Figure 3.

Molecular mechanisms in tissue fibrosis. The diagram shows the TGF-β1, AngII, ET-1, growth factors (PDGF, CTGF, etc.), inflammatory factors (TNF-α, IL-1β, etc.), Wnt, ROS, and hypoxia-inducible factor-1α (HIF-1α) pathways that may mediate tissue fibrotic responses. The central pathways for tissue fibrosis are TGF-β1 canonical (Smad-dependent) and noncanonical (Smad-independent) signaling pathways, among which the canonical TGF-β1/Smad pathway plays a major role in the development of fibrosis. Following TGF-β1 binding, type II TGF-β1 receptor (TβRII) recruits type I TGF-β1 receptor (TβRI) and activates it by phosphorylating it. The activated TβRI then specifically phosphorylates Smad2 and Smad3, which then bind to Smad4 to form a complex leading to their translocation to the nucleus and regulation of transcription of profibrotic genes. Apart from Smad-mediated signal transduction, TGF-β1 can also signal through several noncanonical signaling cascades such as PI3K, p38, ERK, JNK, and Rho-like GTPase pathways.

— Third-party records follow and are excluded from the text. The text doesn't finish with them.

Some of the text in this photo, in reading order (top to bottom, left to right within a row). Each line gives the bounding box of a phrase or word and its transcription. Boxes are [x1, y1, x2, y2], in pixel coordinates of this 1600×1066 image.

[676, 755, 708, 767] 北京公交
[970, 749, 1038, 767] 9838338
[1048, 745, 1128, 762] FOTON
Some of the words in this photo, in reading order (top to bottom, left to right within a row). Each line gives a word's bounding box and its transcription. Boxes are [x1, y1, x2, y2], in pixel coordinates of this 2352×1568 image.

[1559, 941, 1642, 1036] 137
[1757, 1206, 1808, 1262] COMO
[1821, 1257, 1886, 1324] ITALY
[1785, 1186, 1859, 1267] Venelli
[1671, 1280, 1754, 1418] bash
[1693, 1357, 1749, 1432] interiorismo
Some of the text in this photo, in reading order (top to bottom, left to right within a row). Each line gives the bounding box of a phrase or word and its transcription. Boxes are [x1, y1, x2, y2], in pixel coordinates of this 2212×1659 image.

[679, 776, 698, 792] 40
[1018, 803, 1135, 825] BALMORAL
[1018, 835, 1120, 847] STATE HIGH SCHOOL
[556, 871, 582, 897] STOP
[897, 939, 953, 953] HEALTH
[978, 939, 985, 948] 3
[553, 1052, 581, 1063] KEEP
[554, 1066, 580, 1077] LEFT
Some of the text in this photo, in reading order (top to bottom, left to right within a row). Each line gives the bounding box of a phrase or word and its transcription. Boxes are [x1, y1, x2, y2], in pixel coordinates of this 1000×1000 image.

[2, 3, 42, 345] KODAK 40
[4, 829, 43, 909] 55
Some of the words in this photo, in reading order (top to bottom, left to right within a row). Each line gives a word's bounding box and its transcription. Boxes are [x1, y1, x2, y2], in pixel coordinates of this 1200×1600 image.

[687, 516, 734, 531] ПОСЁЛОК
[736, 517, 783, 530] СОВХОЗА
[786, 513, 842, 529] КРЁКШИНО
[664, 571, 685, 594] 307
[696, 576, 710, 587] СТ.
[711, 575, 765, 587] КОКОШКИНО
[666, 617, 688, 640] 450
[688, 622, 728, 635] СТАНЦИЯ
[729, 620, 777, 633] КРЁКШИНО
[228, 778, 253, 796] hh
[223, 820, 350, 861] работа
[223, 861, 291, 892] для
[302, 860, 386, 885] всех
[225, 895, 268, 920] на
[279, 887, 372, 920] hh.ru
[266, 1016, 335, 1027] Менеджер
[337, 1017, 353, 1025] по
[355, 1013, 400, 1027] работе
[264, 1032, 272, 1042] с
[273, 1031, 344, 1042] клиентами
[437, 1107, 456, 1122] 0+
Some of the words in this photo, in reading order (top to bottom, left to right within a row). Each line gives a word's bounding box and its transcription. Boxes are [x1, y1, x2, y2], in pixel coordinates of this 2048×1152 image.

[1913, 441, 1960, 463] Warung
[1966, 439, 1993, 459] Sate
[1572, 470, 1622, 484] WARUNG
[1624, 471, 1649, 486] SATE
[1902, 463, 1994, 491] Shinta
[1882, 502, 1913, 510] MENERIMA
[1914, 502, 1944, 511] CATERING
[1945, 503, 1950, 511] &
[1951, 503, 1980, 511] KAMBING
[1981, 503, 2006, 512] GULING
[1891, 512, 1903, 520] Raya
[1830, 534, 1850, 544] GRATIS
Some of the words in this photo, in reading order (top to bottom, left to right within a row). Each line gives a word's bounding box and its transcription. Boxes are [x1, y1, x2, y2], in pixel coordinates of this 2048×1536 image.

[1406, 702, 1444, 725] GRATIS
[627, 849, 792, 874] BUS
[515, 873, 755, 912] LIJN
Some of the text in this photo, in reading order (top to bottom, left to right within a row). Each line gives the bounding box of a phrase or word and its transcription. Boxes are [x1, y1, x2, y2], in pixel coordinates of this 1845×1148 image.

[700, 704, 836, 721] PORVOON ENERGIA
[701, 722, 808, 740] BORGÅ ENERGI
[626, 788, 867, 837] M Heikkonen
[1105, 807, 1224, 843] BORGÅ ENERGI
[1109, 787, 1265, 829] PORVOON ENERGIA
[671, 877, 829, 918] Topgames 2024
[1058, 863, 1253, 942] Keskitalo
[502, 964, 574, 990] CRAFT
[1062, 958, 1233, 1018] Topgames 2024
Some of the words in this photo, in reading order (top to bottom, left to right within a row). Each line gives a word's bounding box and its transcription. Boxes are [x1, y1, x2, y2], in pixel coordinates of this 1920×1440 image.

Most of the other pathways have been indicated to regulate or to interact with the TGF-β1 signaling pathways. The final result of these signaling pathways activation is triggering a profibrotic gene transcriptional regulation program contributing to tissue fibrosis caused by the activation of myofibroblasts and their increased synthesis of various myofibroblast-specific and profibrotic proteins such as α-SMA, COL1, COL3, FN, and tissue inhibitors of metalloproteinase (TIMP) [Adapted from ref. [15]].